▶ **WHAT THE EXERCISE ASKS**
In the entries below, begin at the line with "this 1920×1080 image." and stop after the line with "this 1344×1512 image."; output those lines exactly and omit the pictures.
START SOURCE DATA
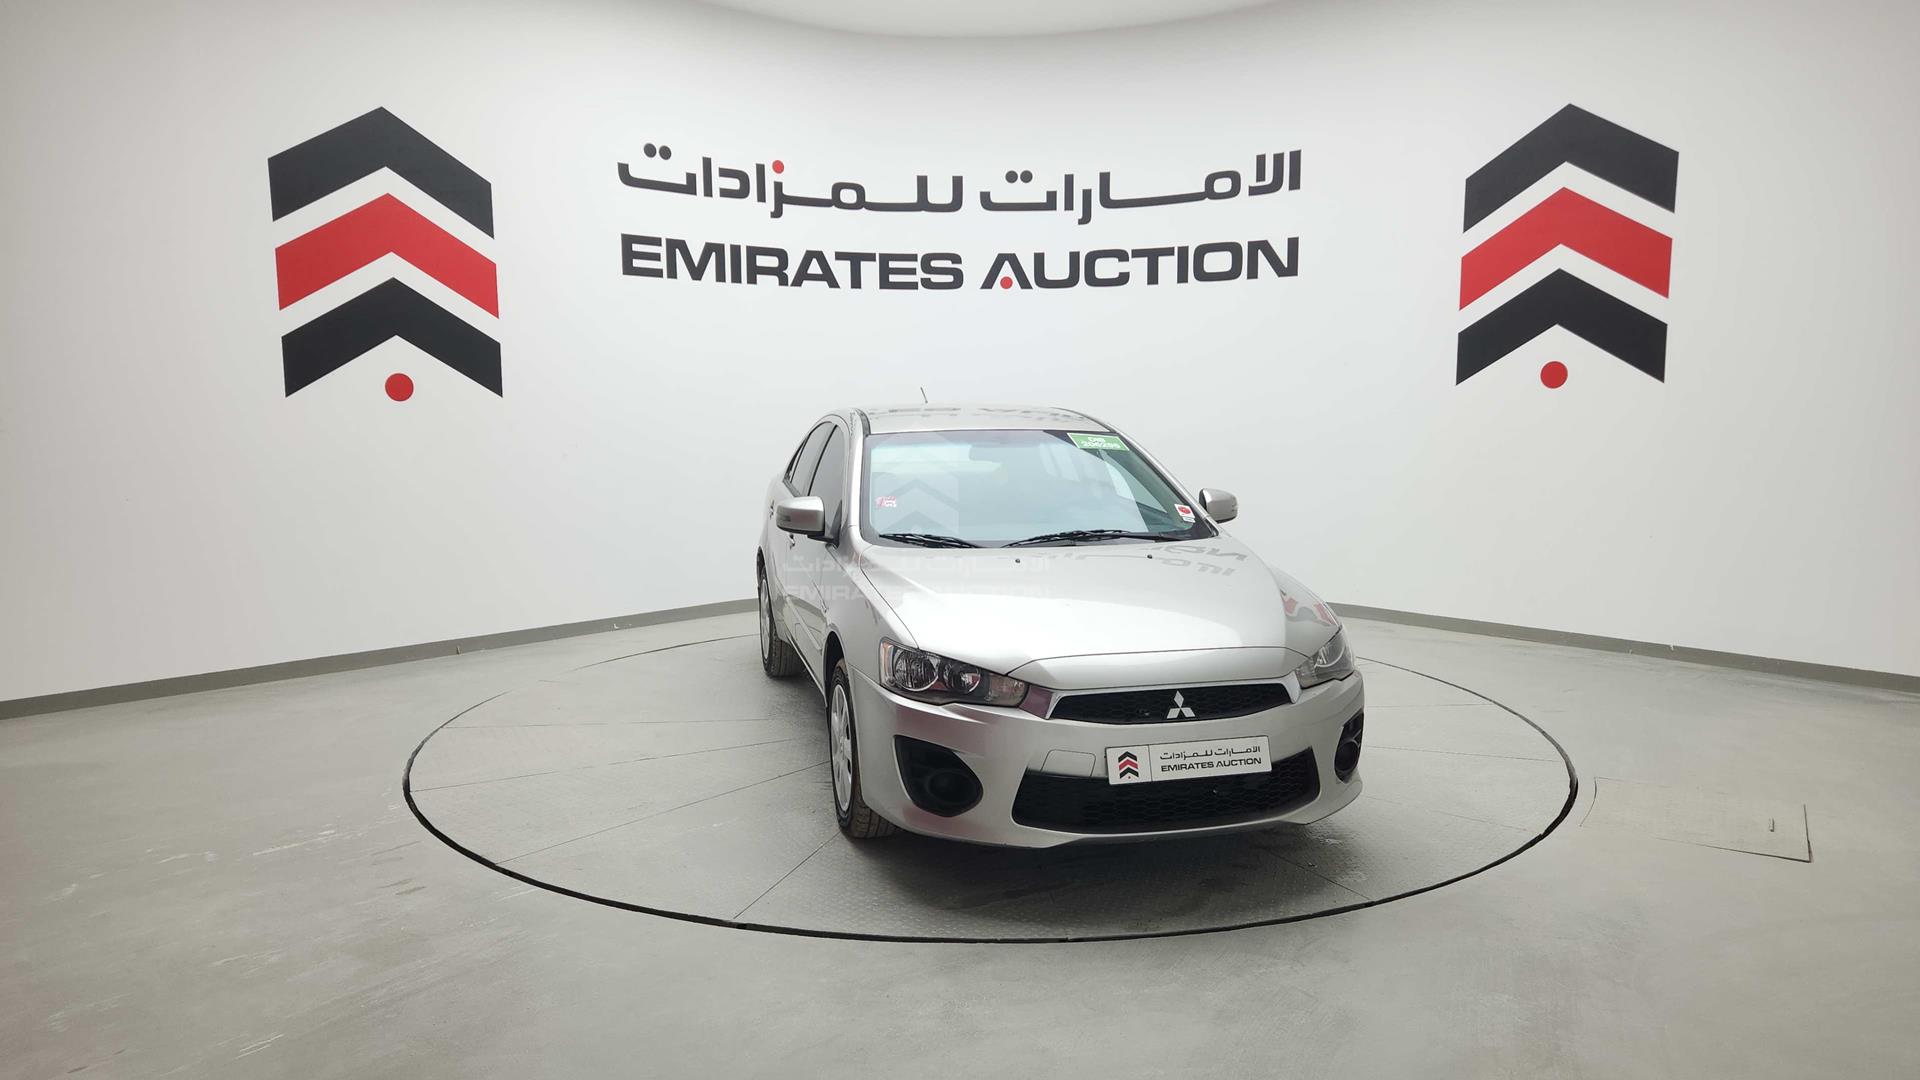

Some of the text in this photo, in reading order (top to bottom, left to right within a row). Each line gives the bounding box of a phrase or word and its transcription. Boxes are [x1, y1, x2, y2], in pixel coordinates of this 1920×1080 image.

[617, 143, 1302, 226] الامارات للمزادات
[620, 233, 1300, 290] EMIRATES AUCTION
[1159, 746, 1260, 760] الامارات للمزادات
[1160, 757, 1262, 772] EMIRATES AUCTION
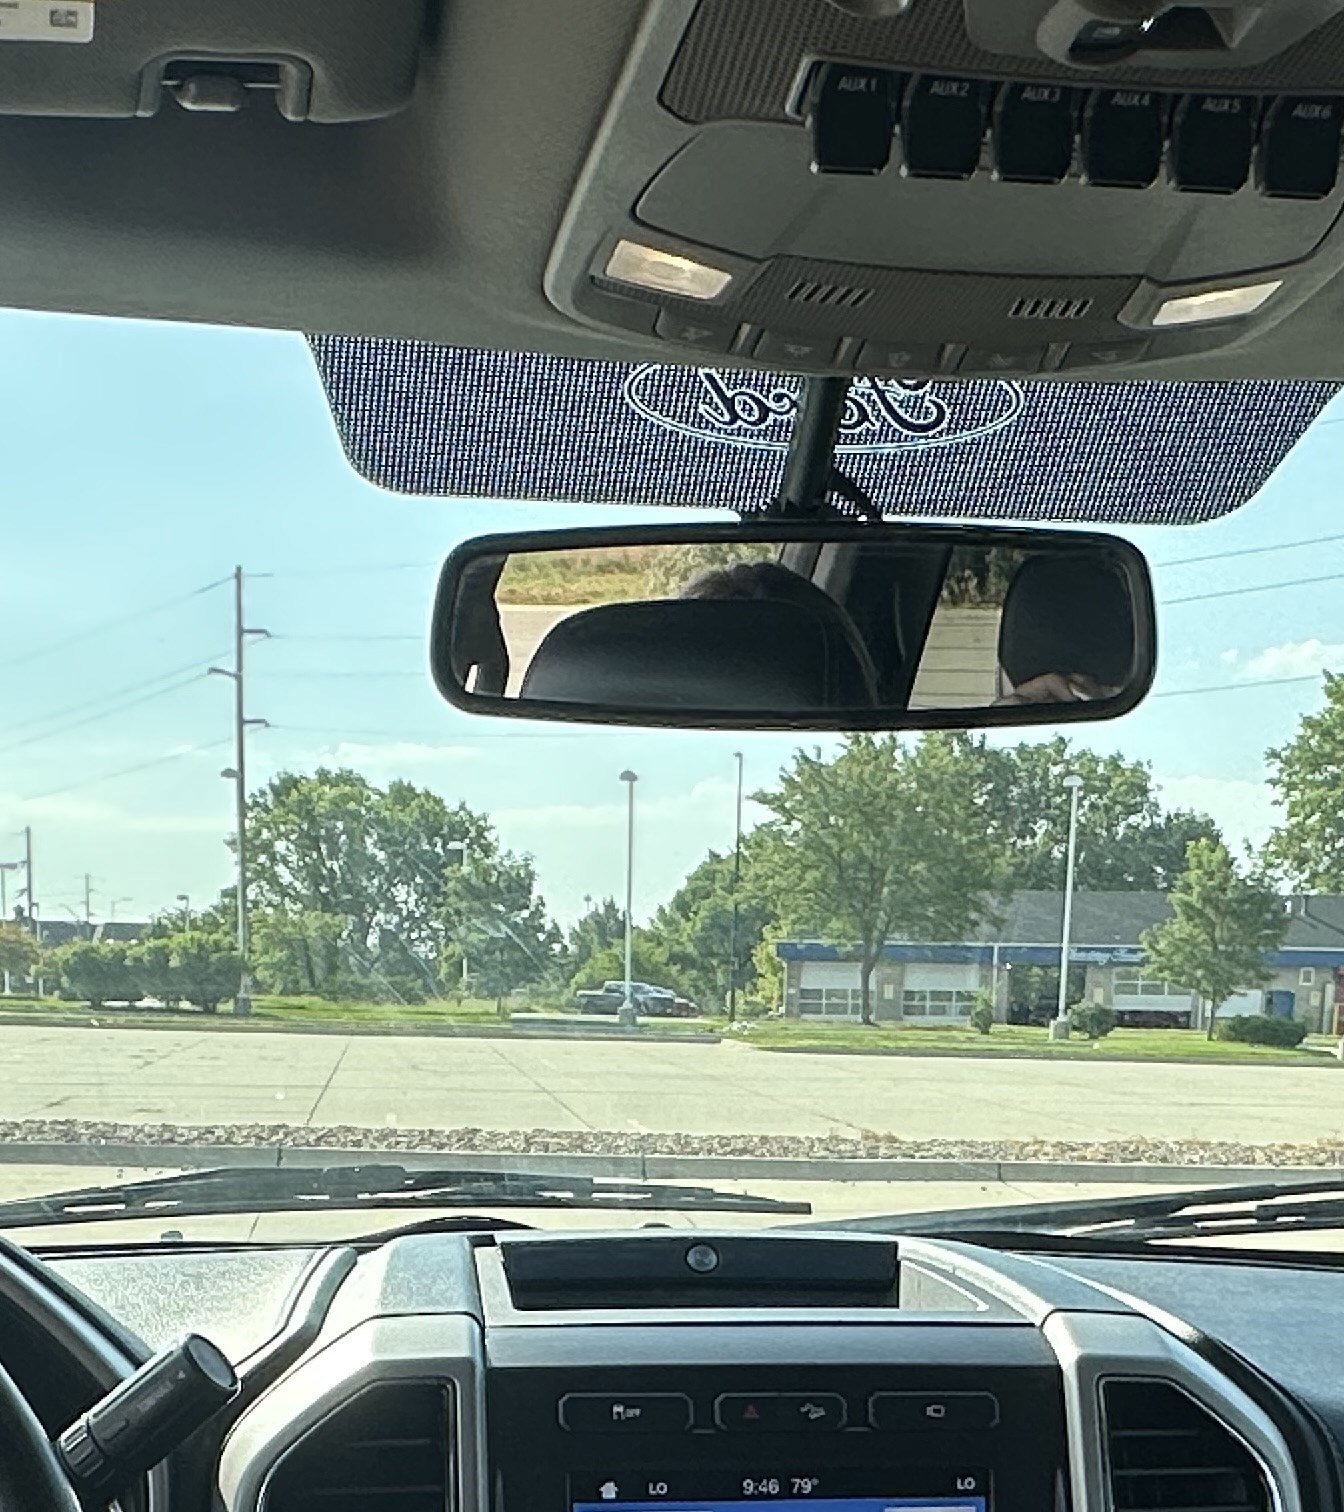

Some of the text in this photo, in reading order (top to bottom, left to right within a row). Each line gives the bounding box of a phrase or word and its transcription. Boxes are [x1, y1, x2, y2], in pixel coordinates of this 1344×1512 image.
END SOURCE DATA
START SOURCE DATA
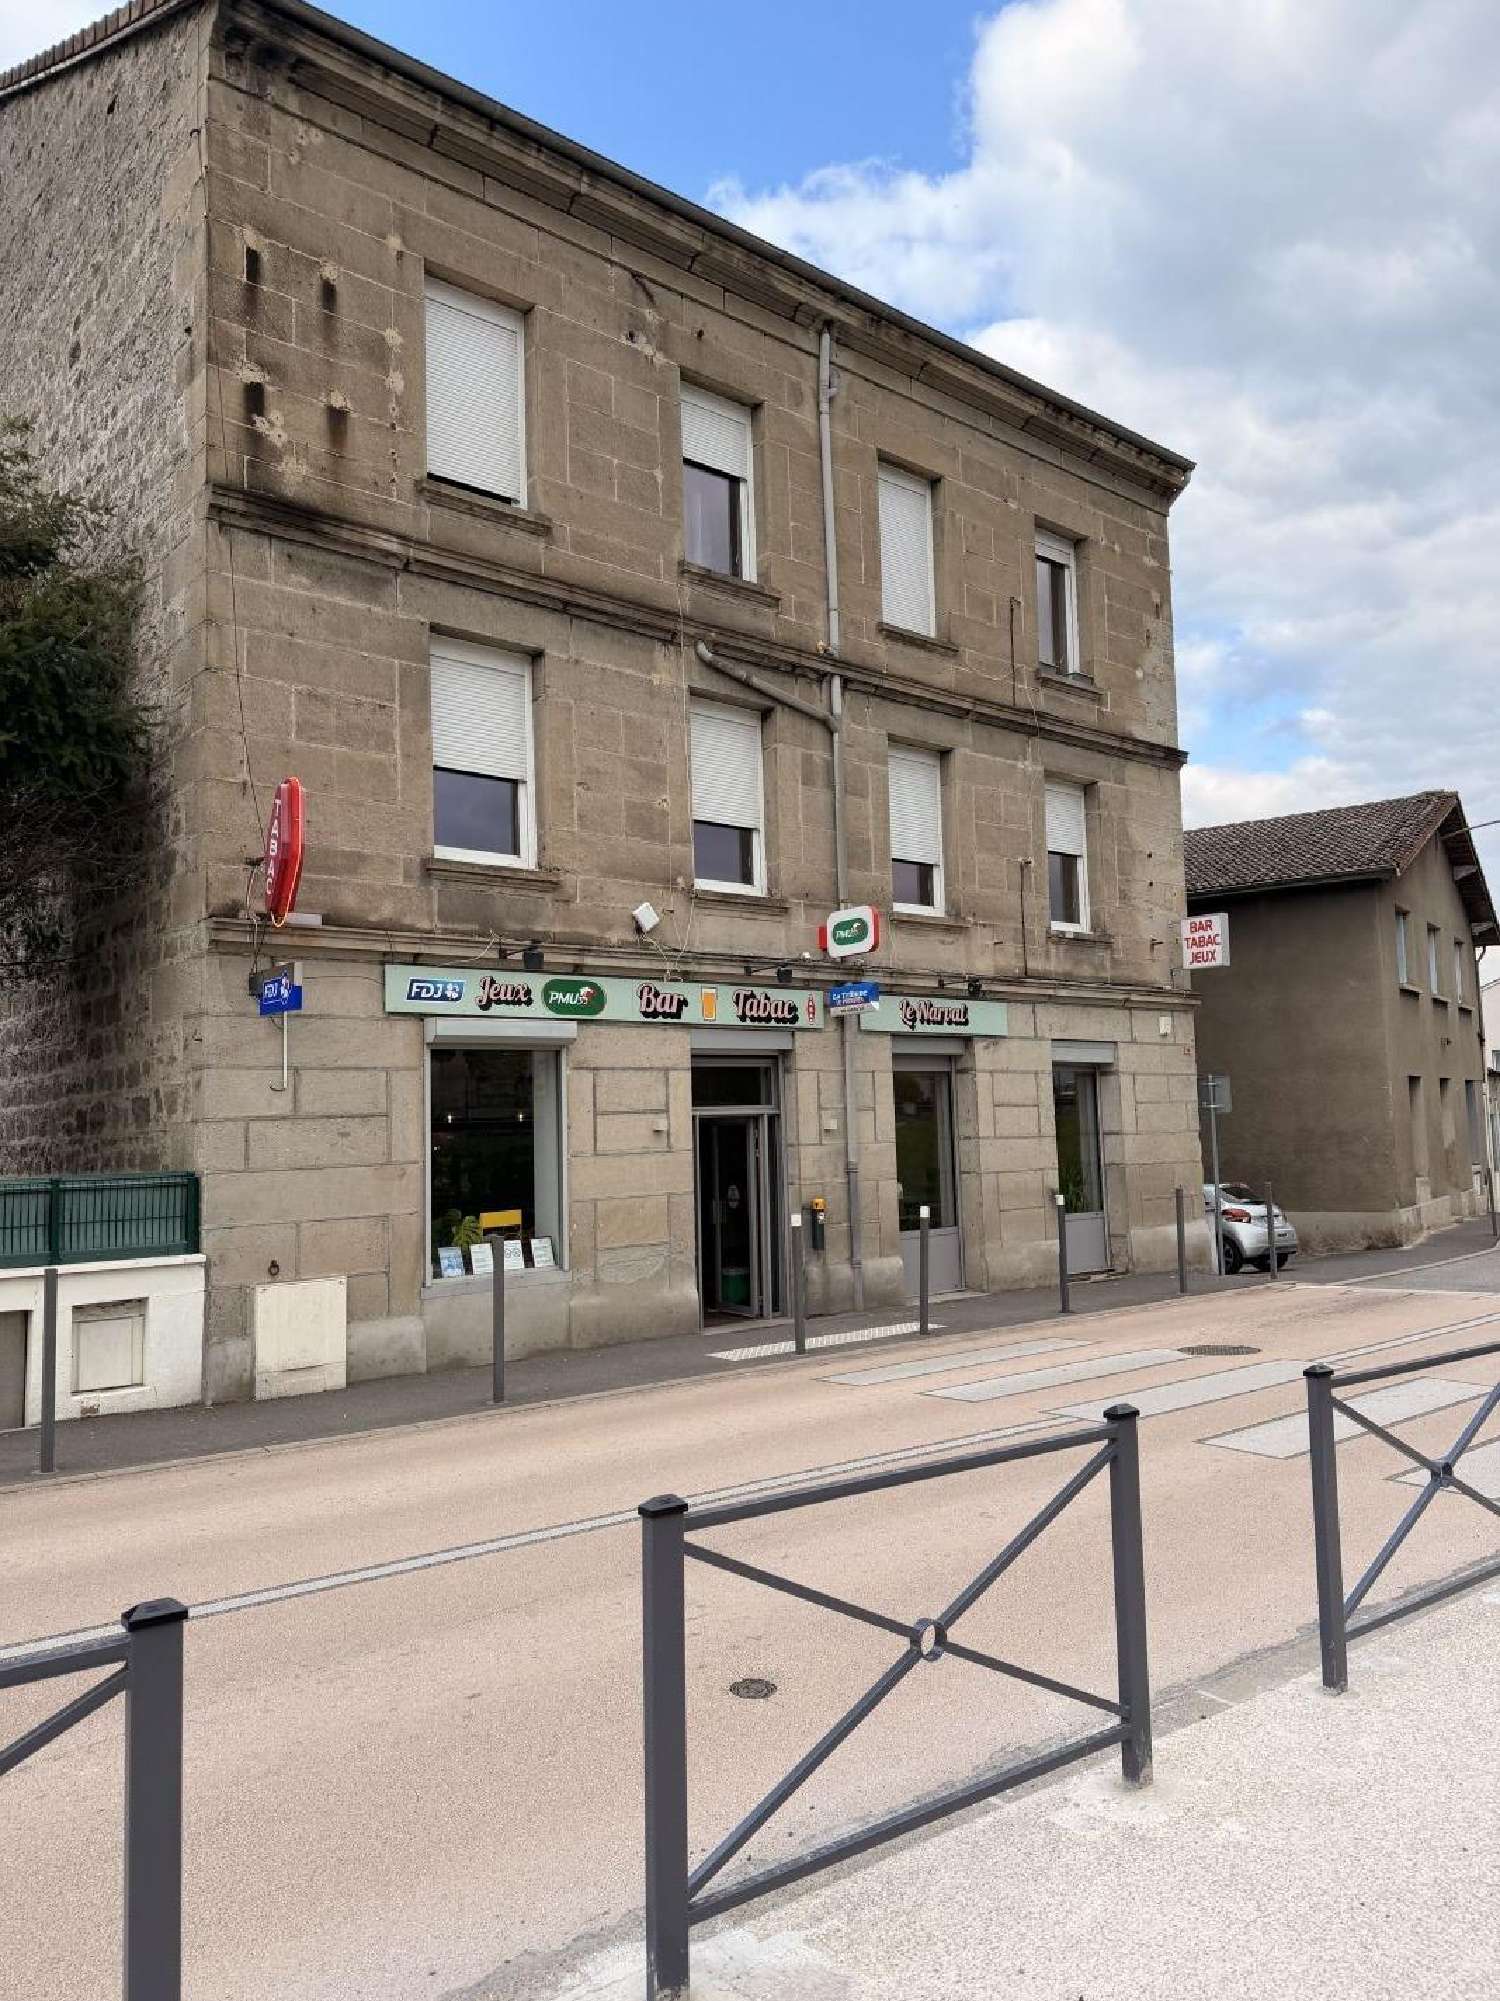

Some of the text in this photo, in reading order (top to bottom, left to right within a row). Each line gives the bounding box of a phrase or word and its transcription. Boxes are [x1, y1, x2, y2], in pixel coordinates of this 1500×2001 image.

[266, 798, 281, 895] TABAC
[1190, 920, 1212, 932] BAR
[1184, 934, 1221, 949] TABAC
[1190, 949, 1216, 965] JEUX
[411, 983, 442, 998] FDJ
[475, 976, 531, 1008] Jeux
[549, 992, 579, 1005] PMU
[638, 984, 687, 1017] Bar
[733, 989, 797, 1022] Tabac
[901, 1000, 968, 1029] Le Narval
END SOURCE DATA
▶ **RESULT**
Some of the text in this photo, in reading order (top to bottom, left to right within a row). Each line gives the bounding box of a phrase or word and its transcription. Boxes are [x1, y1, x2, y2], in pixel coordinates of this 1920×1080 image.

[617, 143, 1302, 226] الامارات للمزادات
[620, 233, 1300, 290] EMIRATES AUCTION
[1159, 746, 1260, 760] الامارات للمزادات
[1160, 757, 1262, 772] EMIRATES AUCTION

Some of the text in this photo, in reading order (top to bottom, left to right within a row). Each line gives the bounding box of a phrase or word and its transcription. Boxes are [x1, y1, x2, y2], in pixel coordinates of this 1344×1512 image.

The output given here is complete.